Jane embarks on her journey to Lowood School, still smarting from her visit to the Red Room and hopeful for more nurturing adult caretakers. Unfortunately, she finds herself once again disappointed when Mr. Brocklehurst falsely tells the entire school that she is a liar. Although her arrival at school promises a change in others' opinion of her character, Mr. Brocklehurst, who is a friend of Mrs Reed, attempts to stifle this transformation. As others step in Jane's place and identify her for their own needs — in Mr. Brocklehurst's case, as a cautionary tale of morality — Jane finds herself briefly doomed to passivity once again as she is left out of her own life story.

Interestingly enough, the frustrated Jane befriends fellow classmate Helen Burns, a quiet student who, in fact, has many thoughts of her own. In an unusual bout of talkativeness, Helen shares her impressions:

"Would you not be happier if you tried to forget her severity, together with the passionate emotions it excited? Life appears to me too short to be spent in nursing animosity, or registering wrong. We are and must be, one and all, burdened with faults in this world: but the time will soon come when, I trust, we shall put them off in putting off our corruptible bodies; when debasement and sin will fall from us with the cumbrous frame of flesh, and only the spark of the spirit will remain, — the impalapable principles of life and thought, pure as when it left the Creator to inspire the creature: when it came it will return; perhaps again to be communicated to some being higher than man--perhaps to pass through gradations of glory, from the pale human soul to brighten to the seraph! Surely it will never, on the contrary, be suffered to degenerate from man to fiend? No; I cannot believe that: I hold another creed; which no one ever taught me, and which I seldom mention; but in which I delight, and to which I cling; for it extends hope to all: it makes Eternity a rest — a mighty home, not a terror and an abyss. Besides, with this creed, I can so clearly distinguish between the criminal and his crime; I can so sincerely forgive the first while I abhor the last: with this creed revenge never worries my heart, degradation never too deeply disgusts me, injustive never crushes me too low: I live in calm, looking to the end."
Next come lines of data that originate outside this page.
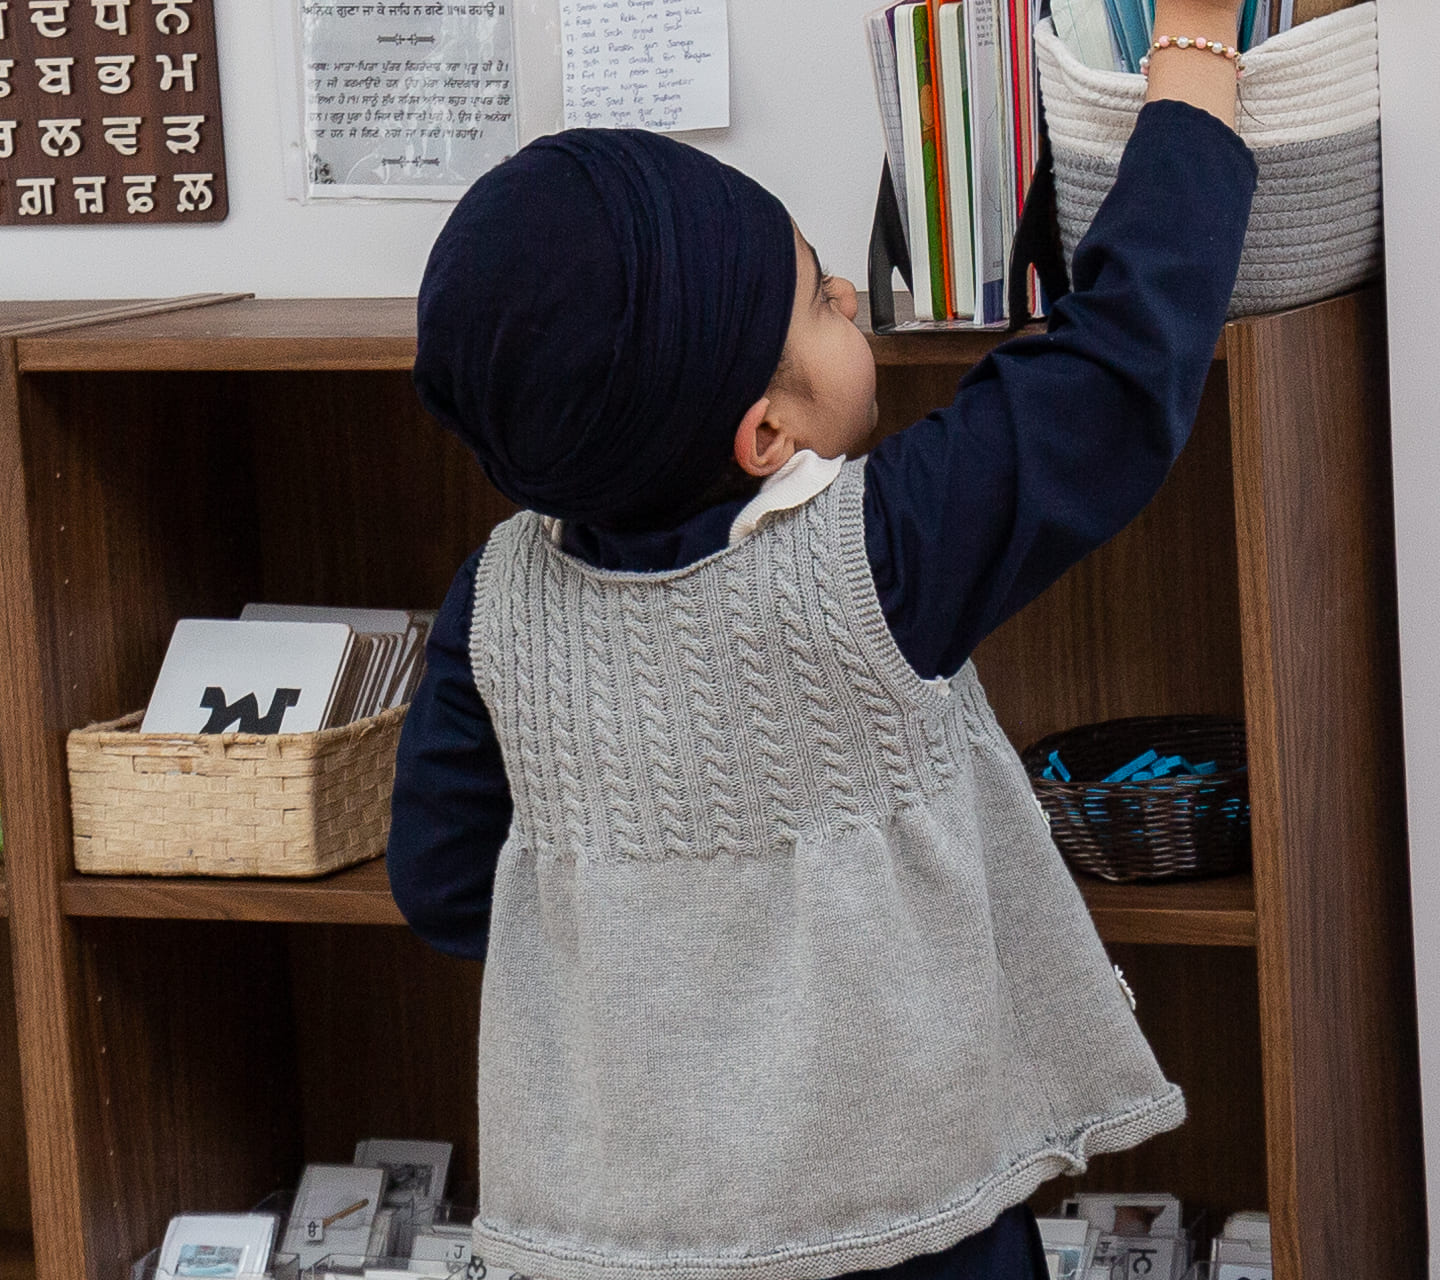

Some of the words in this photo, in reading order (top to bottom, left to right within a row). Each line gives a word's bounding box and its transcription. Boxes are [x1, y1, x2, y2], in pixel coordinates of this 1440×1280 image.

[28, 0, 69, 38] ਦ
[34, 57, 74, 95] ਬ
[94, 55, 135, 94] ਭ
[155, 53, 197, 92] ਮ
[38, 118, 81, 157] ਲ
[102, 116, 142, 156] ਵ
[163, 115, 205, 154] ੜ
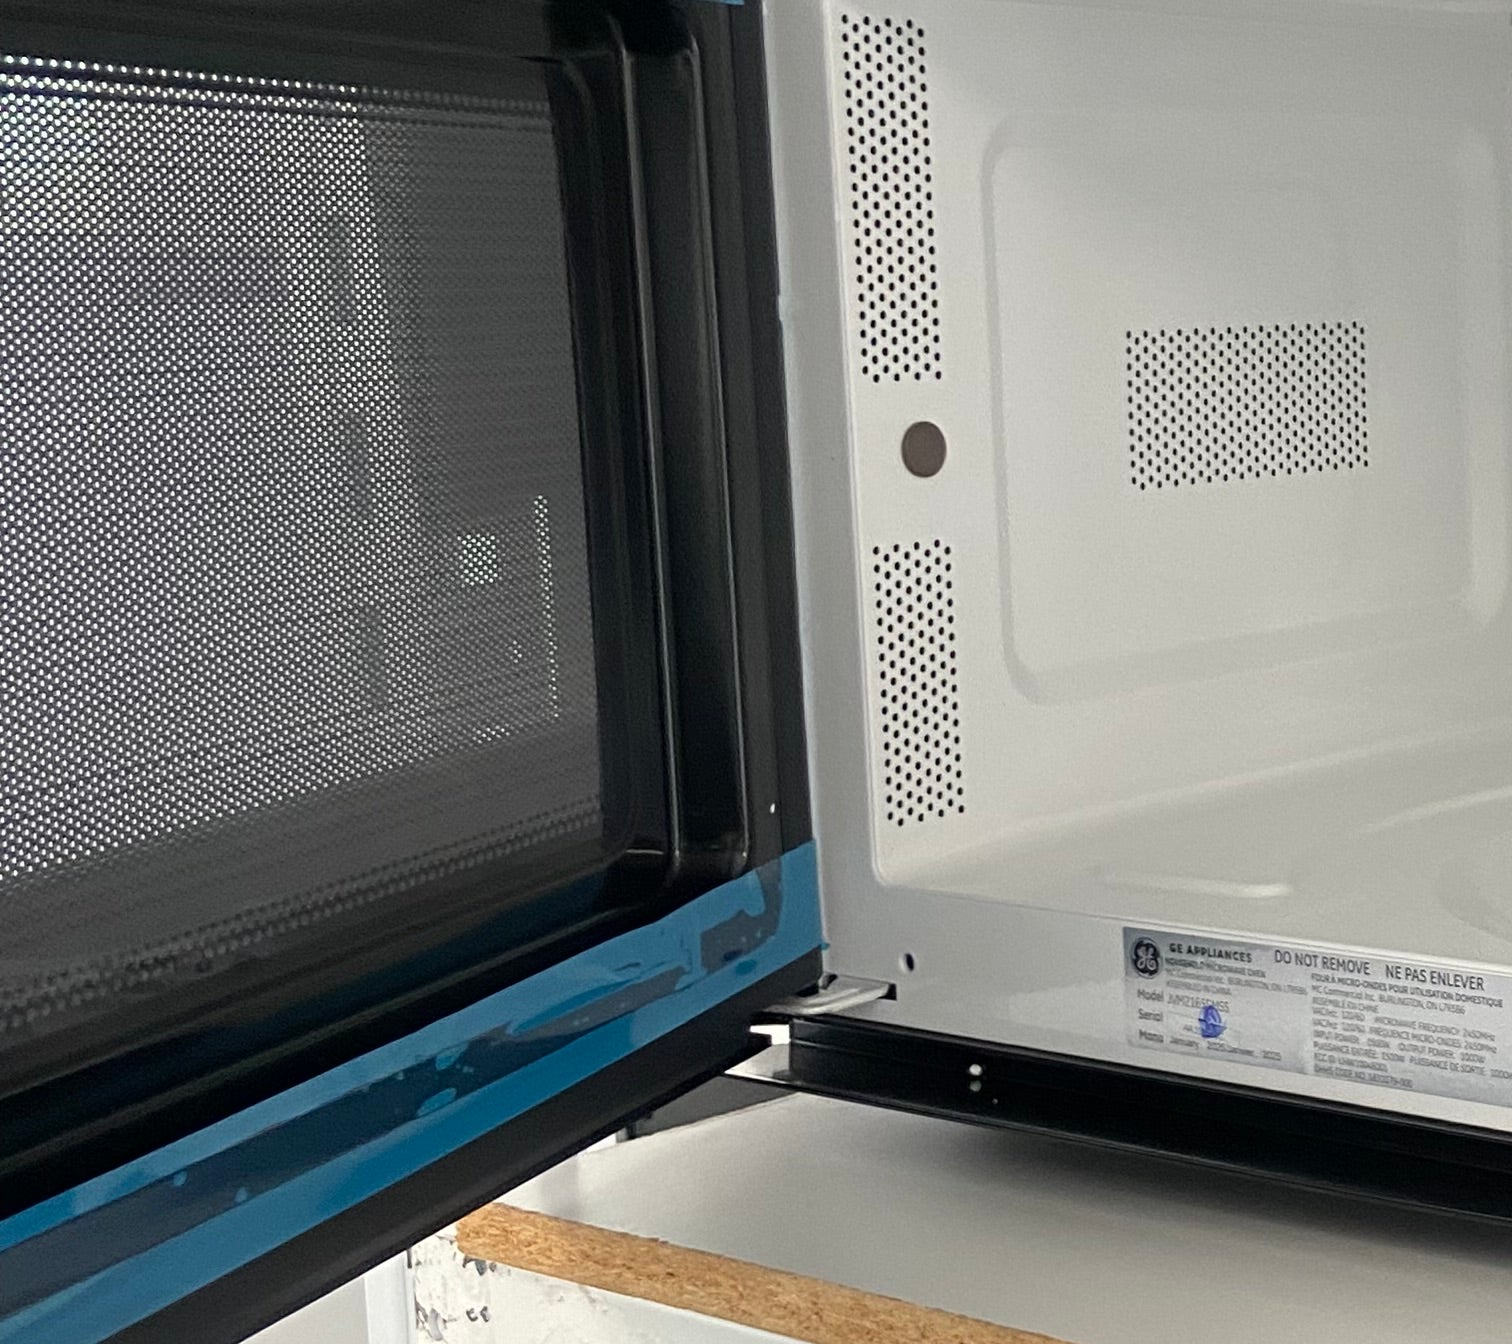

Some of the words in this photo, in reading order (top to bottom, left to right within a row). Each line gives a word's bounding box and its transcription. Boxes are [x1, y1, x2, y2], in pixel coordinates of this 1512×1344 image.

[1169, 942, 1184, 954] GE
[1187, 945, 1253, 963] APPLIANCES
[1274, 949, 1292, 964] DO
[1294, 952, 1319, 968] NOT
[1322, 955, 1371, 975] REMOVE
[1386, 964, 1402, 980] NE
[1405, 966, 1427, 983] PAS
[1430, 970, 1485, 991] ENLEVER
[1137, 989, 1164, 1002] Model
[1138, 1008, 1163, 1022] Serial
Helen's head, always drooping, sank a little lower as she finished this sentence. I saw by her look she wished no longer to talk to me, but rather to converse with her own thoughts (120-1).

With a dialogue bristling with semicolons and dashes, Brontë characterizes Helen's outpouring as a kind of insanity — whether it is a sickening child's stream of consciousness or a saint's revelation from God. Although Helen criticizes Jane's passionate search for individuality, she herself seems equally passionate in these paragraphs for just the opposite — a denial of her person. This heretofore angelic personality rages on with her personal philosophy and nevertheless succeeds in inspiring the unpersuaded Jane.

Questions

1. Why does Jane have respect for Helen if only to reject her ideas in the end?

2. How is Helen's uncommon eloquence similar to or different in form from Mr. Brocklehurst's polished speeches on morality?

3. Like the Mr. Shap in the "Coronation of Mr. Thomas Shap" Helen Burns comes from a lower social class and does not have much hope of living a better future. How does this knowledge of social class color their thoughts of alternate worlds or alternate futures? How does Jane's ambiguous social class affect her desire for personal growth, individuality, and freedom?

4.hJane considers her friend Helen Burns an angelic presence who thinks of Heaven as her goal. When Mr. Rochester meets Jane later in the novel, he describes her as a supernatural being who might have been a fairy in a previous life. How are these two supernatural characterizations similar or different?